Noe Noe began by describing the university system. Currently in Burma, students must pay to attend university, but the professors do not actually provide instruction on the university campus. Instead, they hold classes at their homes and require that students pay an additional fee to attend. It seemed counterintuitive to us—students pay university tuition and then pay their professors directly in order to be taught any material? Yes, that would be correct. If a student refuses to pay the fee for these “home-teacher lessons,” the student receives no instruction. Sometimes professors show up to their near-empty classrooms (only the desks are provided) at their allotted class time but they only write a few questions on the board before leaving. No discussions, no lectures. Students also don’t have the option of only paying for the “home-teacher lessons.” If they don’t pay tuition, they are not allowed to take the exams to earn their degree.
“But why do professors charge this extra fee and only teach lessons at their homes?” we asked Noe Noe. She told us that it was because the salary professors earn from the university is not enough to make ends meet, so they must seek additional income. Since they are teachers by profession, the most logical place is from their students.
Another complaint from Noe Noe and countless other individuals that we have had the opportunity to interview in Mae Sot is that the Burmese education system does not teach its students critical thinking. In the paraphrased words of Brian Deslandes, principal of Minmahaw (migrant school in Mae Sot), “In Burma, if the teacher is wearing a yellow shirt but he turns to you and tells you that he is wearing a blue shirt, you must accept his statement. There is no place for questions or debate.” This personally struck me as one of the biggest disservices Burma is doing for its students. Whitman places such an emphasis on critical thinking, I cannot imagine attending a school where one cannot ask questions or debate different ideas openly.
Going back to the topic of examinations, Noe Noe also told us that it is not at all uncommon for students to bribe their way through the exams to earn bachelors and masters degrees. “They are buying their degree without actually learning anything.”
GROW: “Do employers in Burma know this?”
Noe Noe: “Yes, which is why a degree is currently not very valuable in Burma.
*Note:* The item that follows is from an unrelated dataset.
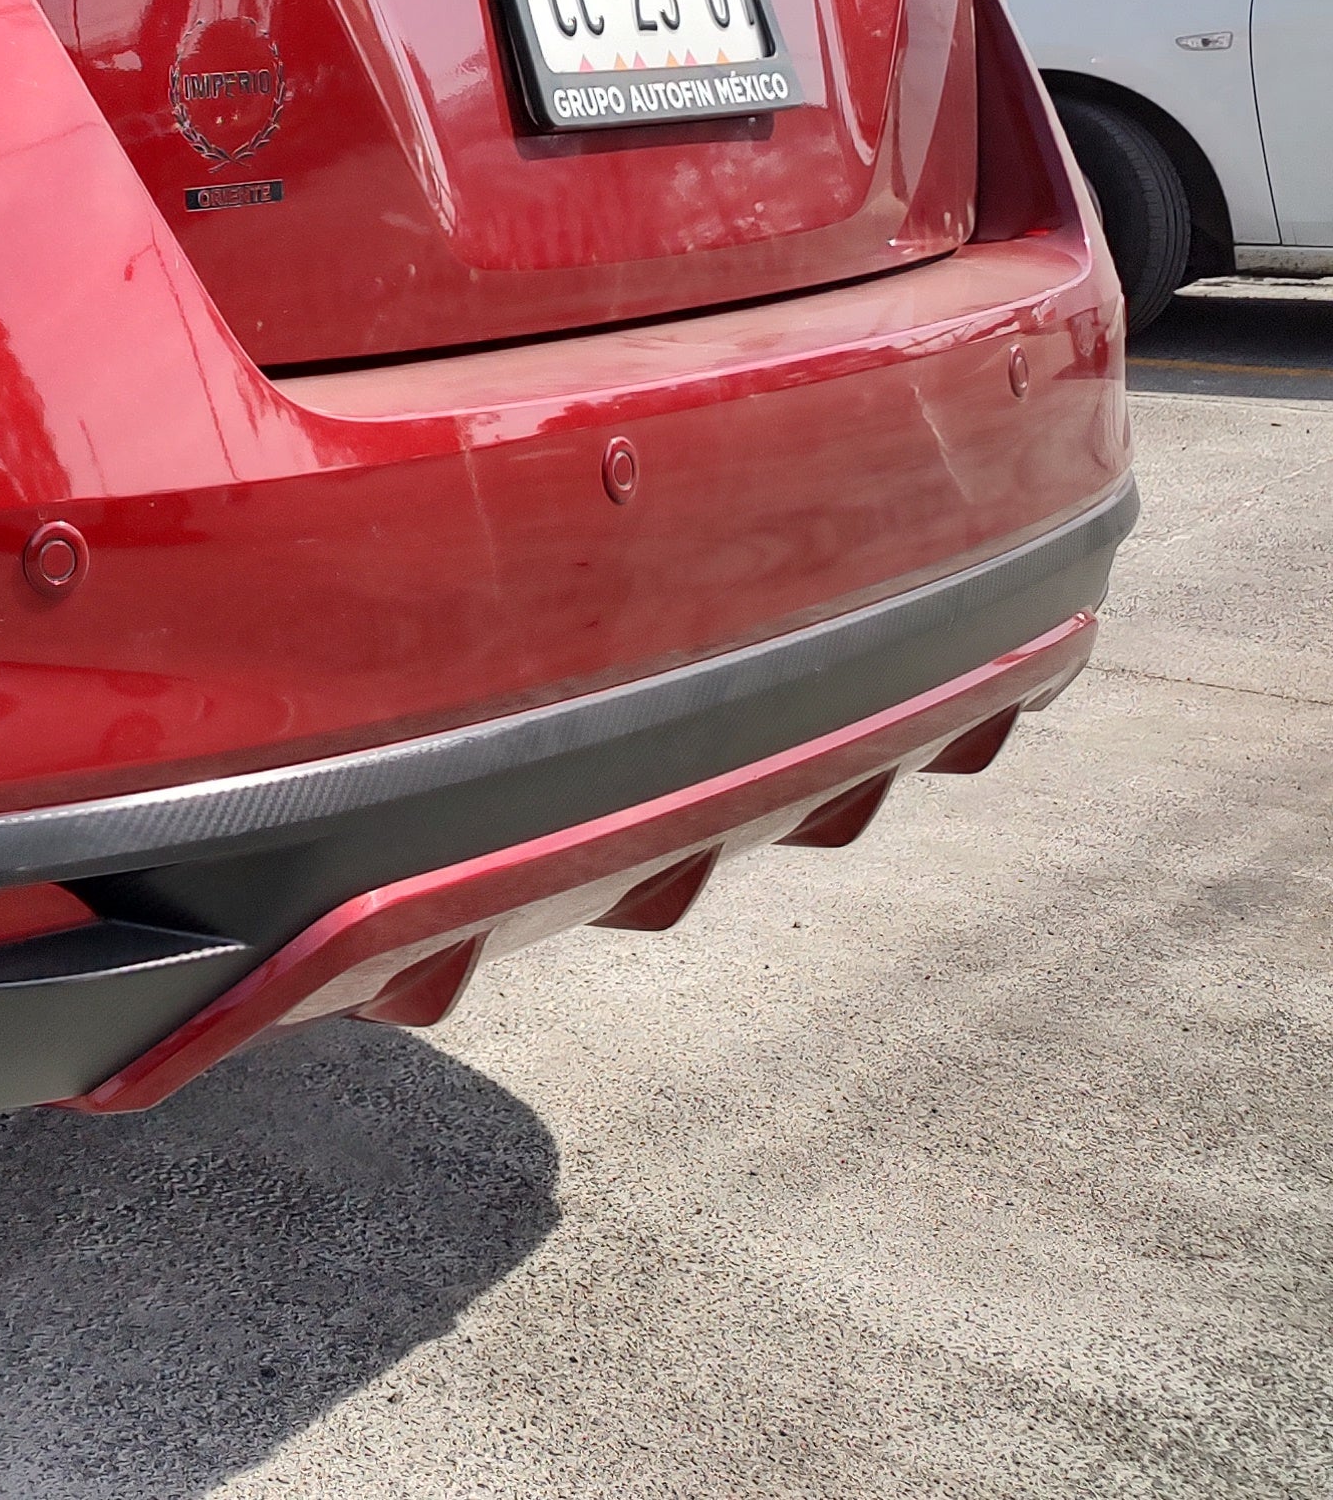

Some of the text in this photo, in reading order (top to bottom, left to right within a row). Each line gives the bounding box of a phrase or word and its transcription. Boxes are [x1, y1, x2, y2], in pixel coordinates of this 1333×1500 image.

Employers know that students can bribe their way to get a degree so their diploma is a “fake document.”
Employers elsewhere in the world, however, are not aware of the corruption in Burma’s educational system. After receiving their degree, students will often look for jobs outside of Burma and then employers in other countries, such as Thailand, will hire these students for jobs in fields where they have no professional experience.
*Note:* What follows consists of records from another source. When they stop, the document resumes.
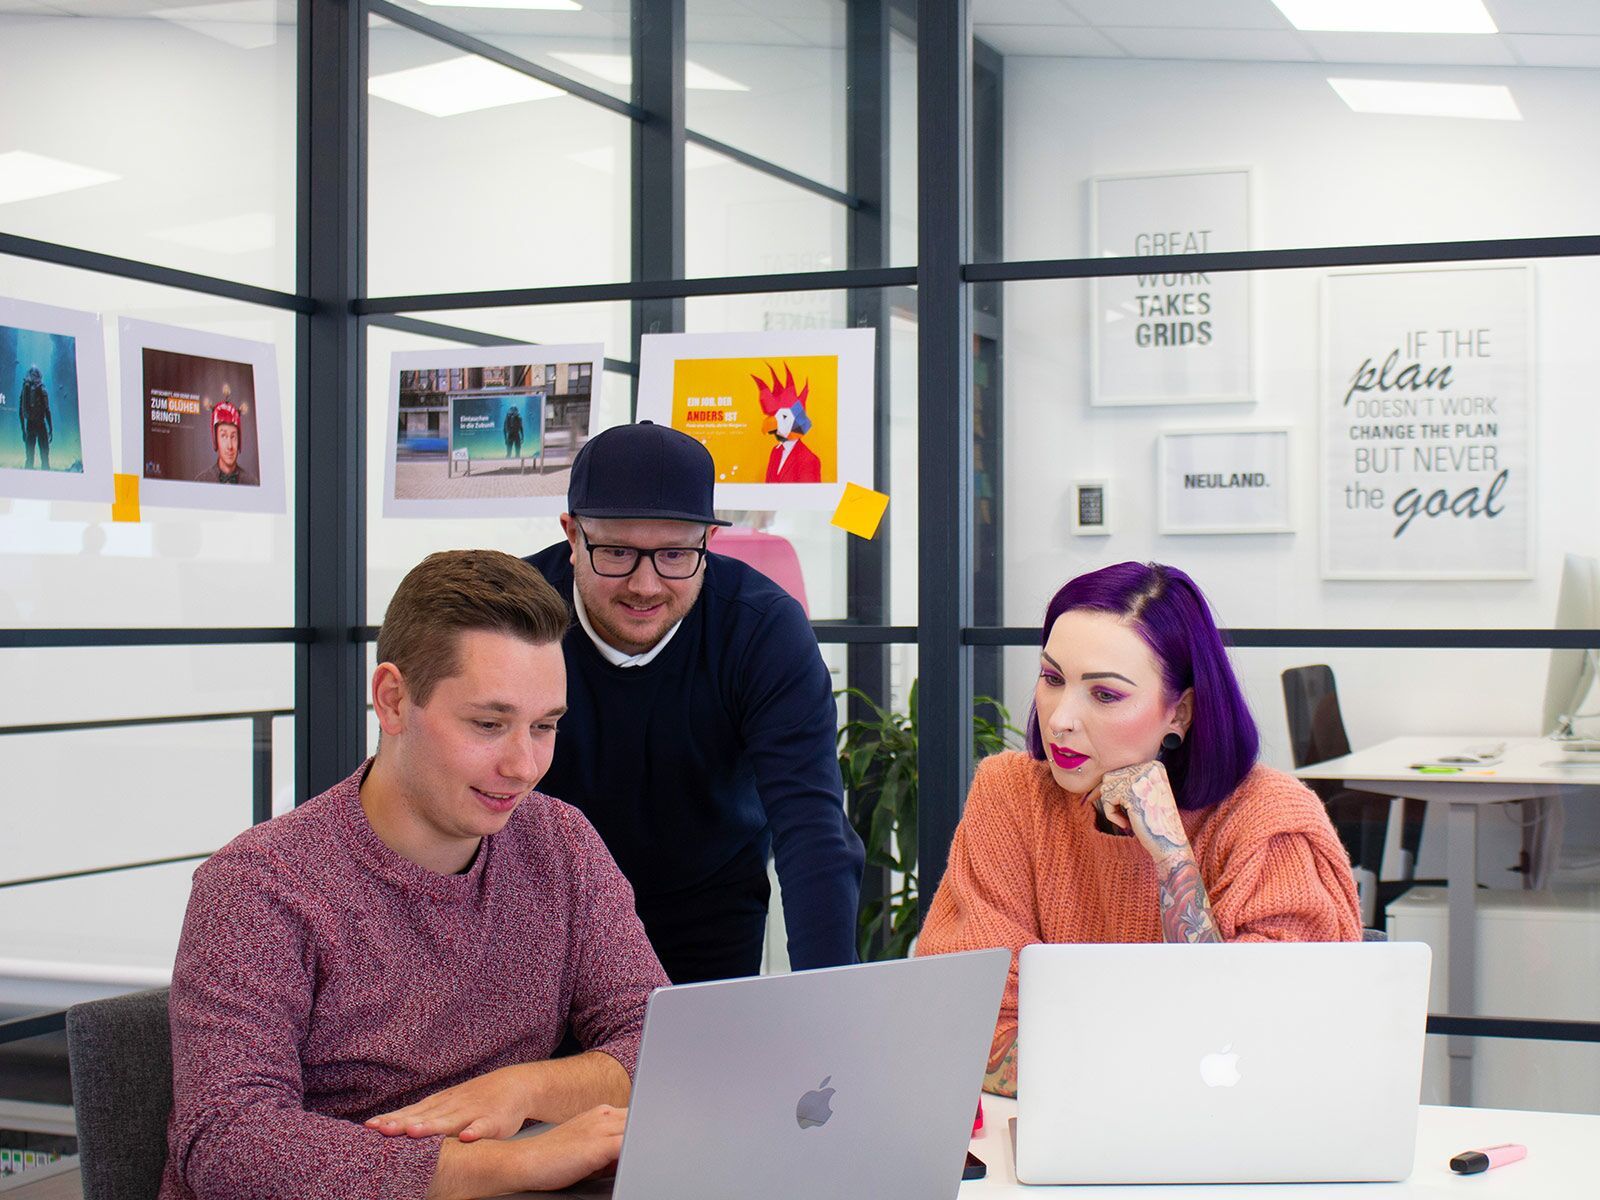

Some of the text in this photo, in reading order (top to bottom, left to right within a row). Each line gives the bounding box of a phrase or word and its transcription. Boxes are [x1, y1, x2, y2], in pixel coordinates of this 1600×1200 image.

[1135, 231, 1212, 257] GREAT
[1135, 292, 1211, 318] TAKES
[1136, 320, 1213, 348] GRIDS
[1406, 329, 1491, 359] IF THE
[1343, 348, 1454, 407] plan
[151, 397, 168, 410] ZUM
[151, 409, 181, 424] BRINGT!
[687, 410, 724, 422] ANDERS
[1440, 397, 1498, 416] WORK
[1350, 423, 1498, 441] CHANGE THE PLAN
[1355, 445, 1499, 473] BUT NEVER
[1184, 473, 1271, 489] NEULAND.
[1344, 469, 1509, 539] the goal
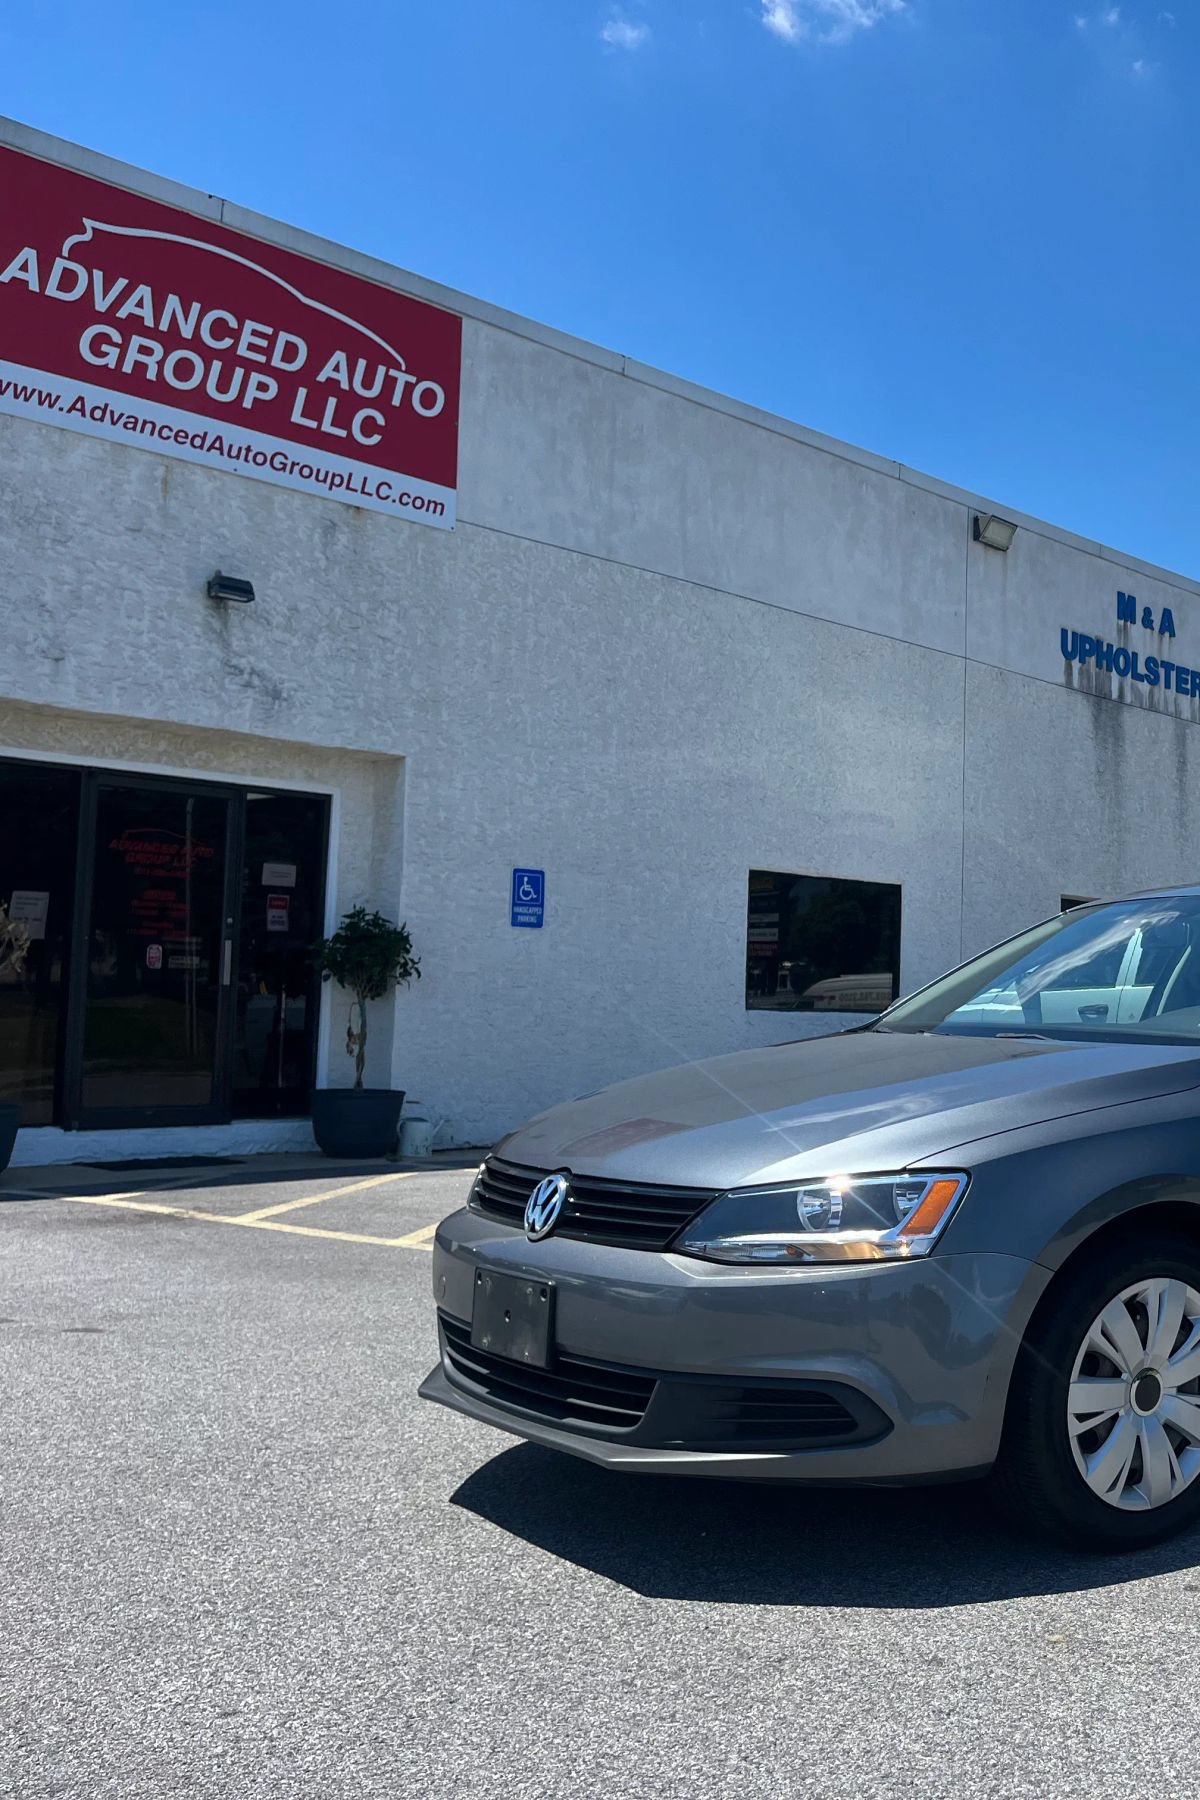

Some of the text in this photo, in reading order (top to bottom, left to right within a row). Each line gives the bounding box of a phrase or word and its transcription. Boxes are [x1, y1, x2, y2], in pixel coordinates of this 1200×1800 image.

[0, 247, 445, 418] ADVANCED AUTO
[79, 324, 386, 446] GROUP LLC
[1117, 591, 1176, 637] M & A
GROW: “How can the Burmese government allow this to happen?” (this question, unfortunately, has reappeared quite frequently these past five weeks)
Noe Noe: “The government is trying to cover up that the educational system is ok. I have tried going to Burmese officials explaining what is actually happening at the universities but they deny that anything is wrong.”
So what can be done about the state of education in Burma? Well, Noe Noe does have a few ideas up her sleeve that she is currently pursuing, but she was also very optimistic that Aung San Suu Kyi will be able to push forward in the next nine months with her educational reforms.
Despite the flaws in Burma’s educational system, Noe Noe was very positive and adamant about the need for all Burmese children to receive a quality education and university degree. Her parting words for us:
“Education is really important. Maybe not at this time but later [a degree] will be valuable because if we change the government mechanism, people who have finished their university degree will be higher valued in the work force.”
After this discussion, all I could think about was how grateful I am for the quality education I have and am currently receiving. I hope you are too.